ACTIVITY:
For each record below, output its text exactly and skip any picture.

── DATA SUPPLIED

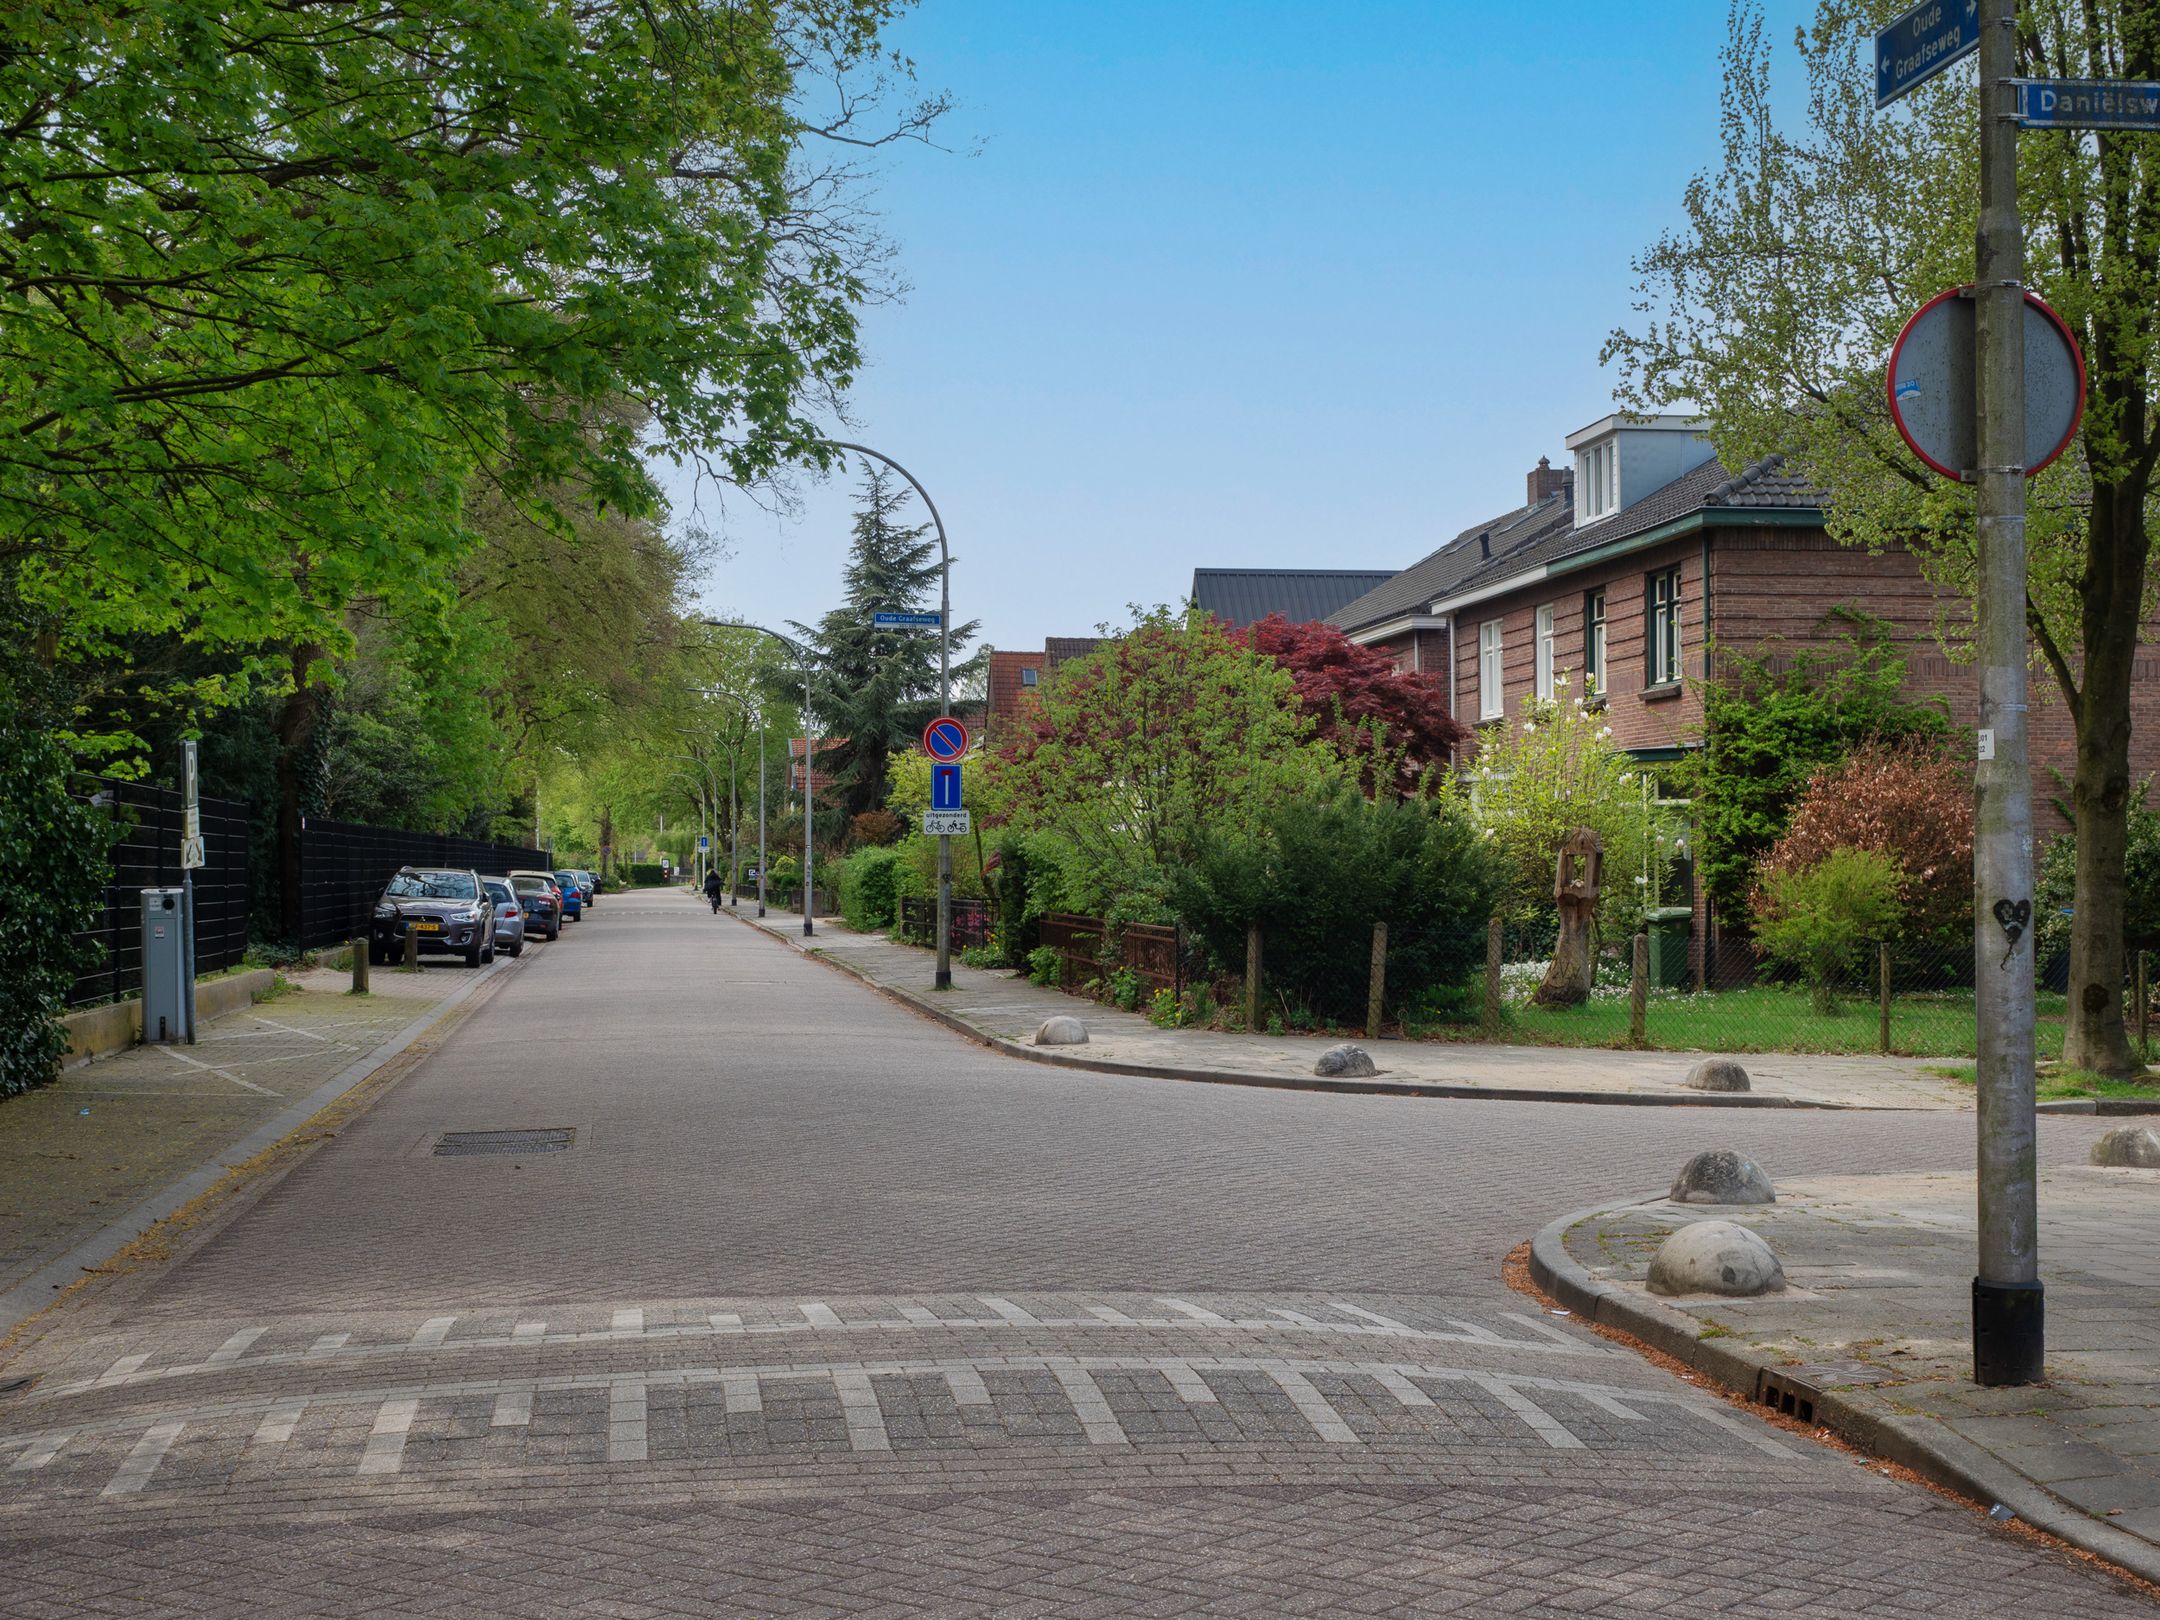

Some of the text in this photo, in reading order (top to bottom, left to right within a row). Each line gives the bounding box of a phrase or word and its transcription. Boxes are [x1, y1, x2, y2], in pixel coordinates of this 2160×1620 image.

[1913, 5, 1942, 37] Oude
[1896, 25, 1960, 79] Graafseweg
[2041, 89, 2160, 114] Daniëlsw
[898, 615, 935, 624] Graafseweg
[188, 751, 196, 800] P

────

EXERCISE RESPONSE:
Some of the text in this photo, in reading order (top to bottom, left to right within a row). Each line gives the bounding box of a phrase or word and its transcription. Boxes are [x1, y1, x2, y2], in pixel coordinates of this 2160×1620 image.

[1913, 5, 1942, 37] Oude
[1896, 25, 1960, 79] Graafseweg
[2041, 89, 2160, 114] Daniëlsw
[898, 615, 935, 624] Graafseweg
[188, 751, 196, 800] P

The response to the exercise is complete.